● **EXERCISE GOAL**:
Word for word, restate the listing that follows and leave out the images.

● **MATERIAL PROVIDED**:
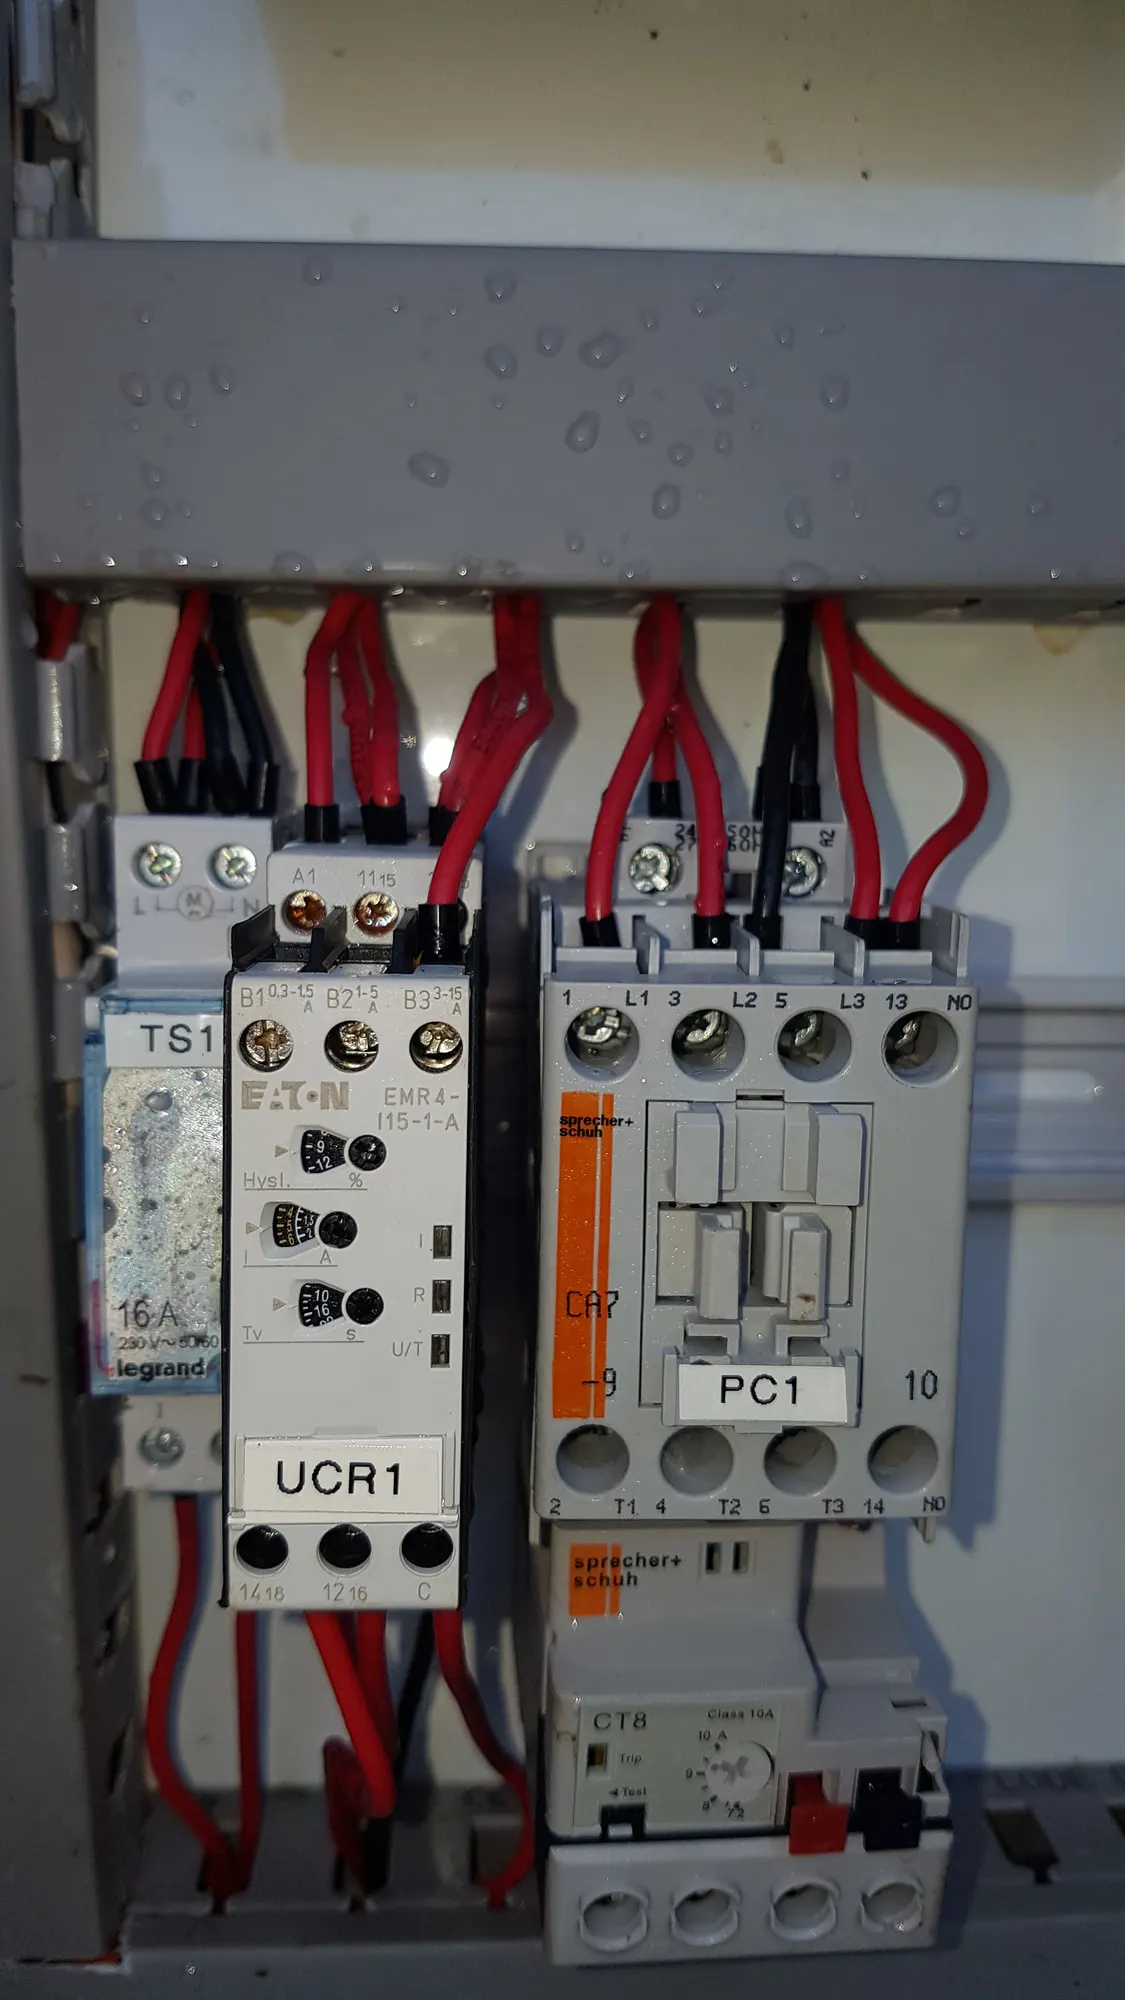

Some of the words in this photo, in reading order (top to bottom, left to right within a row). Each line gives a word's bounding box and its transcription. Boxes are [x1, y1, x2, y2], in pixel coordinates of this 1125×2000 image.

[726, 824, 762, 838] 50H
[293, 867, 316, 885] A1
[240, 986, 265, 1008] B1
[326, 988, 354, 1009] B2
[403, 989, 431, 1010] B3
[433, 986, 463, 1001] 3-15
[562, 990, 572, 1006] 1
[625, 990, 649, 1007] L1
[668, 991, 682, 1007] 3
[732, 992, 757, 1009] L2
[775, 992, 788, 1009] 5
[840, 992, 865, 1009] L3
[885, 993, 908, 1010] 13
[303, 1001, 313, 1013] A
[368, 1002, 378, 1014] A
[452, 1004, 462, 1016] A
[140, 1023, 213, 1054] TS1
[241, 1080, 350, 1111] EATON
[559, 1126, 603, 1138] schuh
[316, 1139, 325, 1154] 9
[316, 1155, 333, 1171] 12
[349, 1172, 363, 1188] %
[319, 1249, 332, 1264] A
[314, 1288, 329, 1302] 10
[414, 1287, 426, 1302] R
[314, 1303, 330, 1317] 16
[566, 1290, 619, 1319] CA7
[118, 1299, 149, 1328] 16
[158, 1300, 179, 1328] A
[242, 1325, 263, 1341] Tv
[119, 1336, 145, 1350] 230
[391, 1340, 423, 1357] U/T
[117, 1358, 205, 1380] legrand
[720, 1373, 799, 1405] PC1
[905, 1368, 939, 1401] 10
[276, 1459, 401, 1495] UCR1
[550, 1499, 562, 1516] 2
[614, 1498, 636, 1516] T1
[655, 1498, 667, 1515] 4
[719, 1499, 742, 1516] T2
[758, 1498, 771, 1515] 6
[821, 1498, 845, 1515] T3
[863, 1499, 885, 1515] 14
[573, 1553, 683, 1573] sprecher+
[573, 1571, 639, 1588] schuh
[417, 1581, 432, 1601] C
[592, 1711, 648, 1731] CT8
[707, 1708, 745, 1720] Class
[717, 1730, 728, 1741] A
[619, 1752, 642, 1765] Trip
[622, 1786, 647, 1797] Test
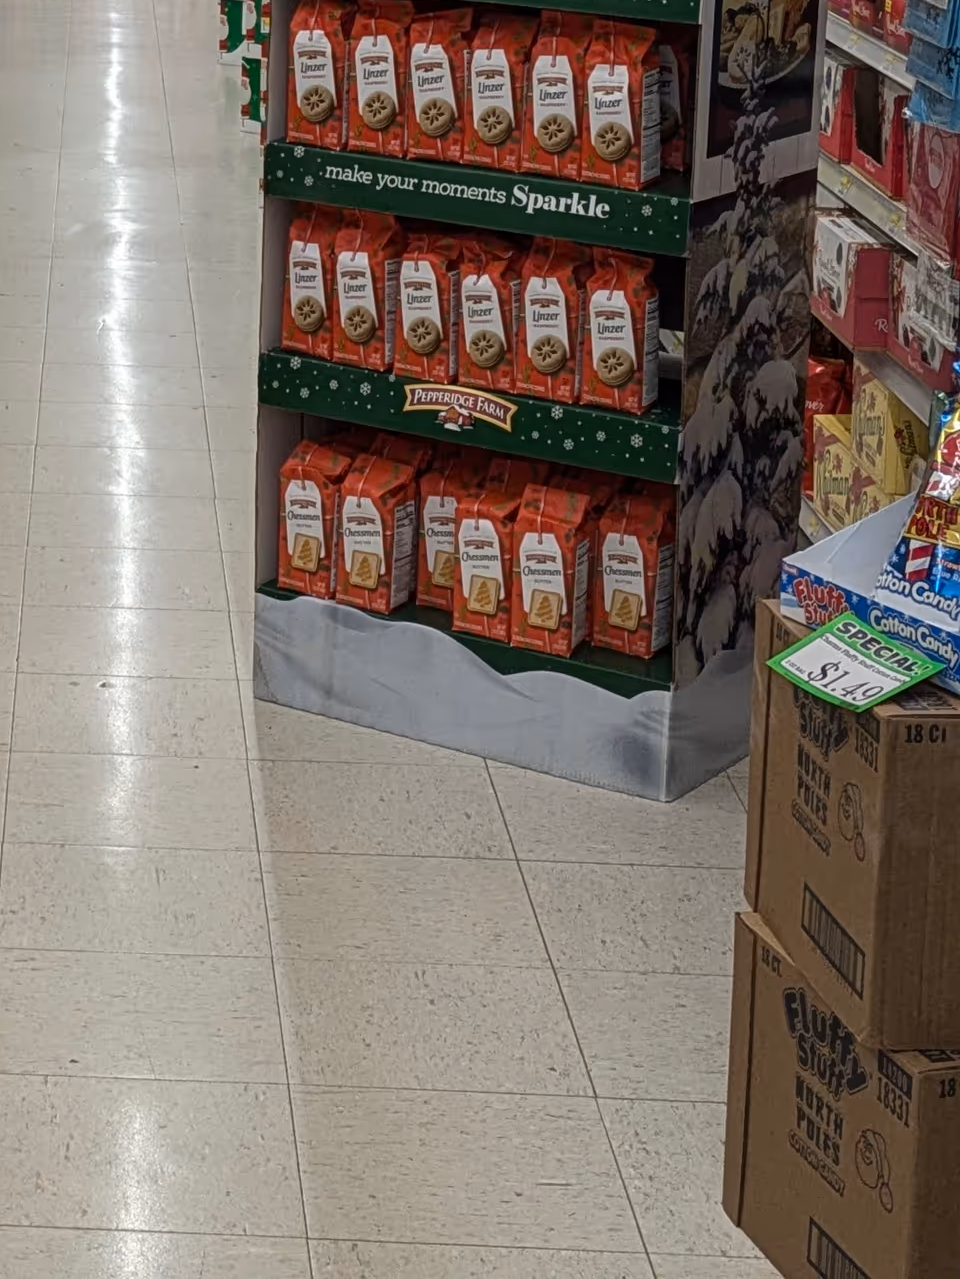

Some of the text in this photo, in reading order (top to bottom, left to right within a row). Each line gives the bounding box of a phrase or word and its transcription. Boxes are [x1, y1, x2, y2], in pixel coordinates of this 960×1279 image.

[300, 61, 328, 74] Linzer
[363, 67, 390, 80] Linzer
[417, 74, 445, 88] Linzer
[478, 82, 505, 94] Linzer
[539, 88, 568, 102] Linzer
[594, 96, 623, 110] Linzer
[325, 165, 611, 219] make your moments Sparkle
[294, 272, 318, 284] Linzer
[344, 282, 368, 294] Linzer
[406, 293, 434, 305] Linzer
[468, 306, 494, 319] Linzer
[532, 310, 561, 323] Linzer
[597, 322, 627, 335] Linzer
[413, 388, 505, 419] PEPPERIDGE FARM
[287, 510, 321, 522] Chessmen
[344, 527, 381, 538] Chessmen
[462, 552, 499, 564] Chessmen
[522, 565, 562, 577] Chessmen
[604, 566, 642, 578] Chessmen
[869, 609, 958, 669] Cotton Candy
[834, 620, 931, 677] SPECIAL!
[807, 659, 886, 703] $1.49
[904, 723, 924, 744] 18
[938, 1077, 957, 1099] 18
[796, 1074, 844, 1140] NORTH
[877, 1075, 910, 1129] 18331
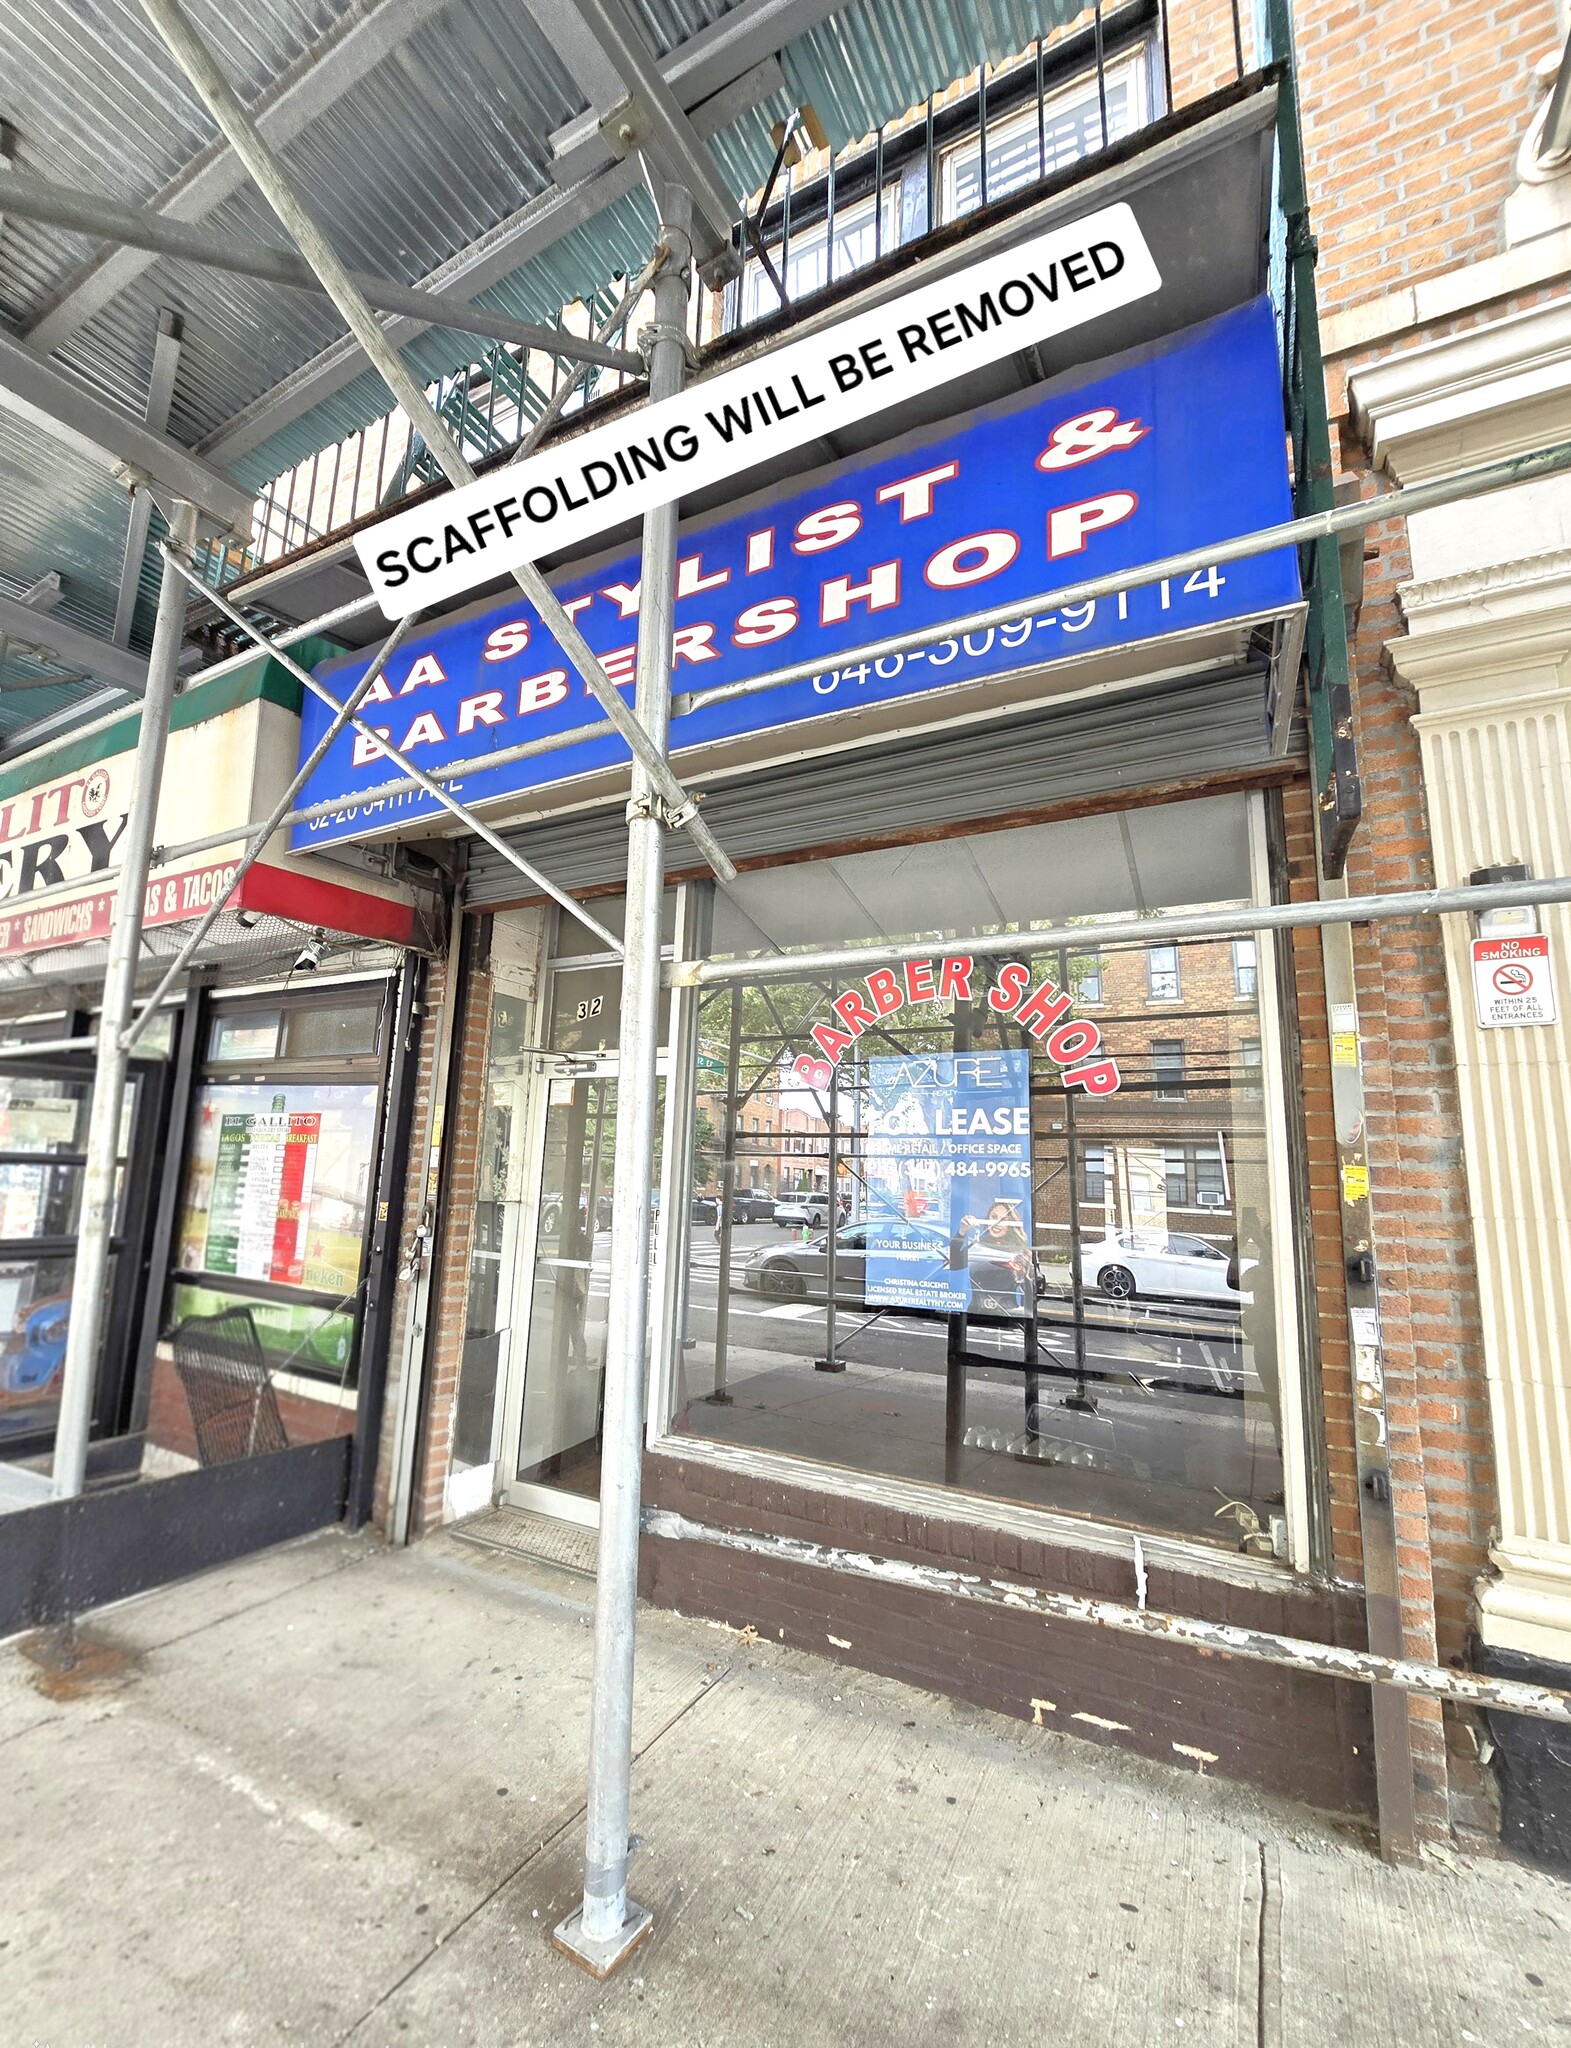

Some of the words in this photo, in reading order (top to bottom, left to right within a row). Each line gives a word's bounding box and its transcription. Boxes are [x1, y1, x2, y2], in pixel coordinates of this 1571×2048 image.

[355, 653, 447, 711] AA
[484, 459, 959, 663] STYLIST
[1035, 407, 1152, 472] &
[351, 490, 1138, 768] BARBERSHOP
[22, 897, 94, 944] SANDWICHS
[164, 880, 177, 913] &
[183, 866, 236, 910] TACOS
[1501, 941, 1519, 950] NO
[1481, 948, 1541, 960] SMOKING
[578, 998, 601, 1019] 32
[1492, 1011, 1543, 1020] ENTRANCES
[792, 956, 974, 1091] BARBER
[987, 962, 1121, 1097] SHOP
[889, 1057, 1002, 1089] AZURE
[224, 1117, 243, 1127] EL
[246, 1116, 316, 1127] GALLITO
[935, 1107, 1030, 1136] LEASE
[221, 1133, 246, 1142] TACOS
[286, 1134, 318, 1143] BREAKFAST
[949, 1143, 985, 1154] OFFICE
[987, 1143, 1022, 1154] SPACE
[945, 1161, 1031, 1178] 484-9965
[876, 1239, 900, 1249] YOUR
[902, 1240, 943, 1251] BUSINESS
[884, 1278, 918, 1287] CHRISTINA
[867, 1286, 897, 1294] LICENSED
[915, 1289, 938, 1298] ESTATE
[940, 1292, 967, 1300] BROKER

● **SOLUTION**:
Some of the words in this photo, in reading order (top to bottom, left to right within a row). Each line gives a word's bounding box and its transcription. Boxes are [x1, y1, x2, y2], in pixel coordinates of this 1125×2000 image.

[726, 824, 762, 838] 50H
[293, 867, 316, 885] A1
[240, 986, 265, 1008] B1
[326, 988, 354, 1009] B2
[403, 989, 431, 1010] B3
[433, 986, 463, 1001] 3-15
[562, 990, 572, 1006] 1
[625, 990, 649, 1007] L1
[668, 991, 682, 1007] 3
[732, 992, 757, 1009] L2
[775, 992, 788, 1009] 5
[840, 992, 865, 1009] L3
[885, 993, 908, 1010] 13
[303, 1001, 313, 1013] A
[368, 1002, 378, 1014] A
[452, 1004, 462, 1016] A
[140, 1023, 213, 1054] TS1
[241, 1080, 350, 1111] EATON
[559, 1126, 603, 1138] schuh
[316, 1139, 325, 1154] 9
[316, 1155, 333, 1171] 12
[349, 1172, 363, 1188] %
[319, 1249, 332, 1264] A
[314, 1288, 329, 1302] 10
[414, 1287, 426, 1302] R
[314, 1303, 330, 1317] 16
[566, 1290, 619, 1319] CA7
[118, 1299, 149, 1328] 16
[158, 1300, 179, 1328] A
[242, 1325, 263, 1341] Tv
[119, 1336, 145, 1350] 230
[391, 1340, 423, 1357] U/T
[117, 1358, 205, 1380] legrand
[720, 1373, 799, 1405] PC1
[905, 1368, 939, 1401] 10
[276, 1459, 401, 1495] UCR1
[550, 1499, 562, 1516] 2
[614, 1498, 636, 1516] T1
[655, 1498, 667, 1515] 4
[719, 1499, 742, 1516] T2
[758, 1498, 771, 1515] 6
[821, 1498, 845, 1515] T3
[863, 1499, 885, 1515] 14
[573, 1553, 683, 1573] sprecher+
[573, 1571, 639, 1588] schuh
[417, 1581, 432, 1601] C
[592, 1711, 648, 1731] CT8
[707, 1708, 745, 1720] Class
[717, 1730, 728, 1741] A
[619, 1752, 642, 1765] Trip
[622, 1786, 647, 1797] Test

Some of the text in this photo, in reading order (top to bottom, left to right within a row). Each line gives the bounding box of a phrase or word and its transcription. Boxes are [x1, y1, x2, y2], in pixel coordinates of this 960×1279 image.

[300, 61, 328, 74] Linzer
[363, 67, 390, 80] Linzer
[417, 74, 445, 88] Linzer
[478, 82, 505, 94] Linzer
[539, 88, 568, 102] Linzer
[594, 96, 623, 110] Linzer
[325, 165, 611, 219] make your moments Sparkle
[294, 272, 318, 284] Linzer
[344, 282, 368, 294] Linzer
[406, 293, 434, 305] Linzer
[468, 306, 494, 319] Linzer
[532, 310, 561, 323] Linzer
[597, 322, 627, 335] Linzer
[413, 388, 505, 419] PEPPERIDGE FARM
[287, 510, 321, 522] Chessmen
[344, 527, 381, 538] Chessmen
[462, 552, 499, 564] Chessmen
[522, 565, 562, 577] Chessmen
[604, 566, 642, 578] Chessmen
[869, 609, 958, 669] Cotton Candy
[834, 620, 931, 677] SPECIAL!
[807, 659, 886, 703] $1.49
[904, 723, 924, 744] 18
[938, 1077, 957, 1099] 18
[796, 1074, 844, 1140] NORTH
[877, 1075, 910, 1129] 18331

Some of the words in this photo, in reading order (top to bottom, left to right within a row). Each line gives a word's bounding box and its transcription. Boxes are [x1, y1, x2, y2], in pixel coordinates of this 1571×2048 image.

[355, 653, 447, 711] AA
[484, 459, 959, 663] STYLIST
[1035, 407, 1152, 472] &
[351, 490, 1138, 768] BARBERSHOP
[22, 897, 94, 944] SANDWICHS
[164, 880, 177, 913] &
[183, 866, 236, 910] TACOS
[1501, 941, 1519, 950] NO
[1481, 948, 1541, 960] SMOKING
[578, 998, 601, 1019] 32
[1492, 1011, 1543, 1020] ENTRANCES
[792, 956, 974, 1091] BARBER
[987, 962, 1121, 1097] SHOP
[889, 1057, 1002, 1089] AZURE
[224, 1117, 243, 1127] EL
[246, 1116, 316, 1127] GALLITO
[935, 1107, 1030, 1136] LEASE
[221, 1133, 246, 1142] TACOS
[286, 1134, 318, 1143] BREAKFAST
[949, 1143, 985, 1154] OFFICE
[987, 1143, 1022, 1154] SPACE
[945, 1161, 1031, 1178] 484-9965
[876, 1239, 900, 1249] YOUR
[902, 1240, 943, 1251] BUSINESS
[884, 1278, 918, 1287] CHRISTINA
[867, 1286, 897, 1294] LICENSED
[915, 1289, 938, 1298] ESTATE
[940, 1292, 967, 1300] BROKER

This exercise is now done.